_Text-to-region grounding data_
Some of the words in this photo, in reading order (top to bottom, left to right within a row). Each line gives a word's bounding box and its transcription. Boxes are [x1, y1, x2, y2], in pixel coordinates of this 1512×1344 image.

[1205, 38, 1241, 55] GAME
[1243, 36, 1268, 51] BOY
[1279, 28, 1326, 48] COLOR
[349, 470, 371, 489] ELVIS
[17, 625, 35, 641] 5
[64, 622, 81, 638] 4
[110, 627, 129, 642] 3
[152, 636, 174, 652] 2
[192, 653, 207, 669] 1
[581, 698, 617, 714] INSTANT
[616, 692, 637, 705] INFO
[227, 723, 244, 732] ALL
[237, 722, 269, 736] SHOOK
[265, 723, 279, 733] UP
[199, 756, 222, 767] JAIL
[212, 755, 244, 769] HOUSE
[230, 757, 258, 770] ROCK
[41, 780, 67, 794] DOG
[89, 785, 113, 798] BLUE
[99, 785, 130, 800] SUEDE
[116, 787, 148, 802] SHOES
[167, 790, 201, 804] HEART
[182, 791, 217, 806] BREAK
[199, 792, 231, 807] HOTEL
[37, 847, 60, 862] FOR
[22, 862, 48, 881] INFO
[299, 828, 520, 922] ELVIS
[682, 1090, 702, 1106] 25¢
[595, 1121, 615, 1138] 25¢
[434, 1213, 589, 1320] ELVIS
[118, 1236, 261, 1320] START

_Exercise_
All of the data above needs to be retyped exactly, with each line as it stands.

_Exercise result_
Some of the words in this photo, in reading order (top to bottom, left to right within a row). Each line gives a word's bounding box and its transcription. Boxes are [x1, y1, x2, y2], in pixel coordinates of this 1512×1344 image.

[1205, 38, 1241, 55] GAME
[1243, 36, 1268, 51] BOY
[1279, 28, 1326, 48] COLOR
[349, 470, 371, 489] ELVIS
[17, 625, 35, 641] 5
[64, 622, 81, 638] 4
[110, 627, 129, 642] 3
[152, 636, 174, 652] 2
[192, 653, 207, 669] 1
[581, 698, 617, 714] INSTANT
[616, 692, 637, 705] INFO
[227, 723, 244, 732] ALL
[237, 722, 269, 736] SHOOK
[265, 723, 279, 733] UP
[199, 756, 222, 767] JAIL
[212, 755, 244, 769] HOUSE
[230, 757, 258, 770] ROCK
[41, 780, 67, 794] DOG
[89, 785, 113, 798] BLUE
[99, 785, 130, 800] SUEDE
[116, 787, 148, 802] SHOES
[167, 790, 201, 804] HEART
[182, 791, 217, 806] BREAK
[199, 792, 231, 807] HOTEL
[37, 847, 60, 862] FOR
[22, 862, 48, 881] INFO
[299, 828, 520, 922] ELVIS
[682, 1090, 702, 1106] 25¢
[595, 1121, 615, 1138] 25¢
[434, 1213, 589, 1320] ELVIS
[118, 1236, 261, 1320] START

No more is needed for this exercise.